Álvaro Portilla

Personal information
- Full name: Álvaro Portilla Suárez
- Date of birth: 28 April 1986 (age 39)
- Place of birth: Madrid, Spain
- Height: 1.80 m (5 ft 11 in)
- Position: Midfielder

Team information
- Current team: Móstoles

Youth career
- Rayo Majadahonda
- 2004–2006: Atlético Madrid

Senior career*
- Years: Team / Apps / (Gls)
- 2006–2008: Atlético Madrid C
- 2008–2010: Atlético Madrid B / 26 / (2)
- 2010: Aris / 3 / (1)
- 2011: Rayo Majadahonda / 13 / (4)
- 2011–2012: SS Reyes / 36 / (5)
- 2012–2013: Alcalá / 34 / (3)
- 2013–2014: Internacional Madrid / 29 / (4)
- 2014–2017: Rayo Majadahonda / 110 / (44)
- 2017–2018: Fuenlabrada / 14 / (2)
- 2018: Alcobendas Sport / 13 / (1)
- 2018–2019: Unión Adarve / 21 / (1)
- 2019–: Móstoles / 23 / (7)

= Álvaro Portilla =

Spanish footballer (born 1986)

Álvaro Portilla Suárez (born 28 April 1986) is a Spanish footballer who plays for CD Móstoles URJC as a left midfielder.

==Club career==
Portilla was born in Madrid.
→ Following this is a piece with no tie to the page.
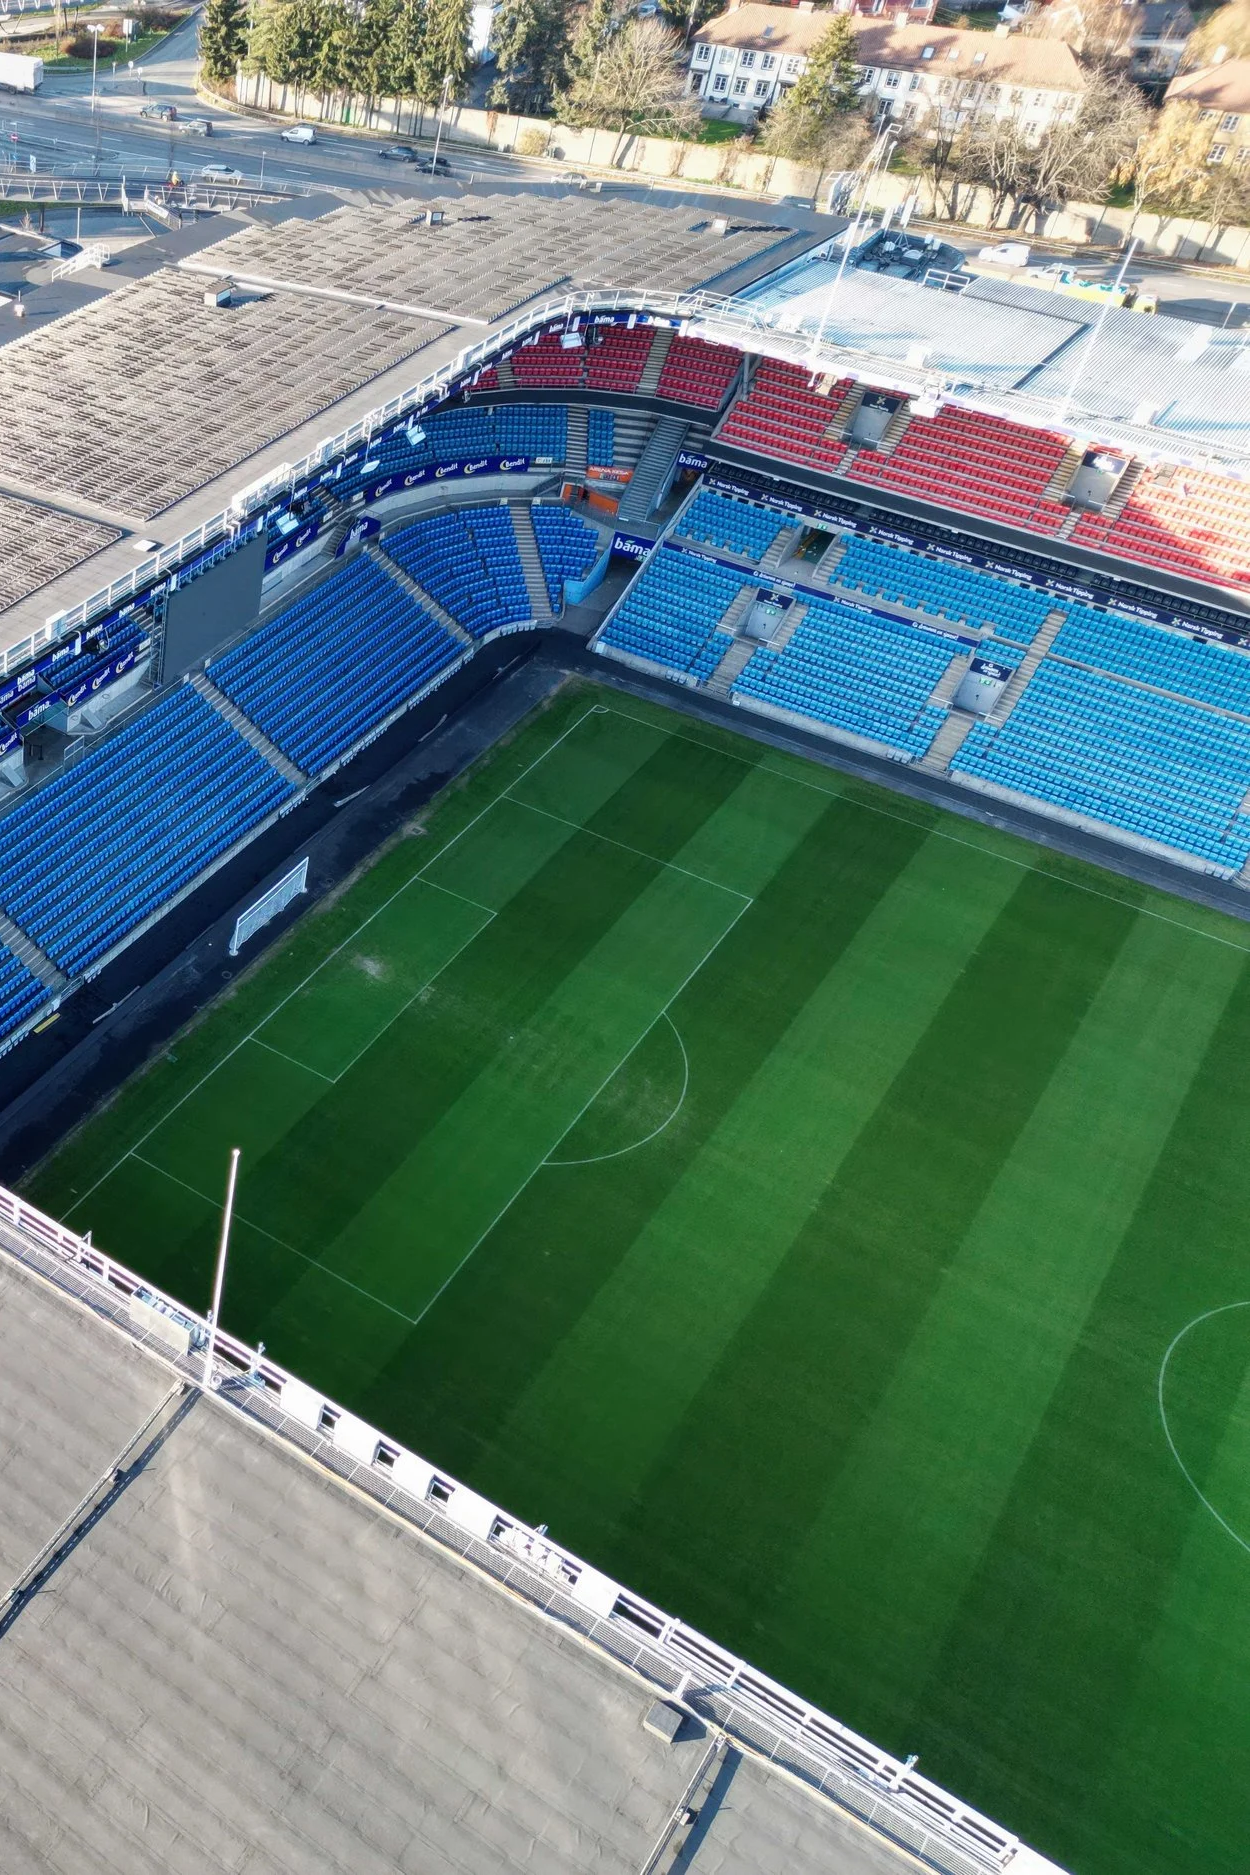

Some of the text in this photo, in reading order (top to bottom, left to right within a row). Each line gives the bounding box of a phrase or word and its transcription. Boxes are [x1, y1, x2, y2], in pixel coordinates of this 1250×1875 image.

[678, 453, 708, 469] bama
[614, 537, 650, 557] bama
[28, 701, 50, 721] bama
With the exception of a few months in the Super League Greece with Aris, he spent his entire career in the Spanish lower leagues. He finished his development at local club Atlético Madrid, but never appeared in any competitive matches with the first team.

In the 2015–16 season, Portilla scored a career-best 12 goals for CF Rayo Majadahonda, who finished 14th in their Segunda División B group.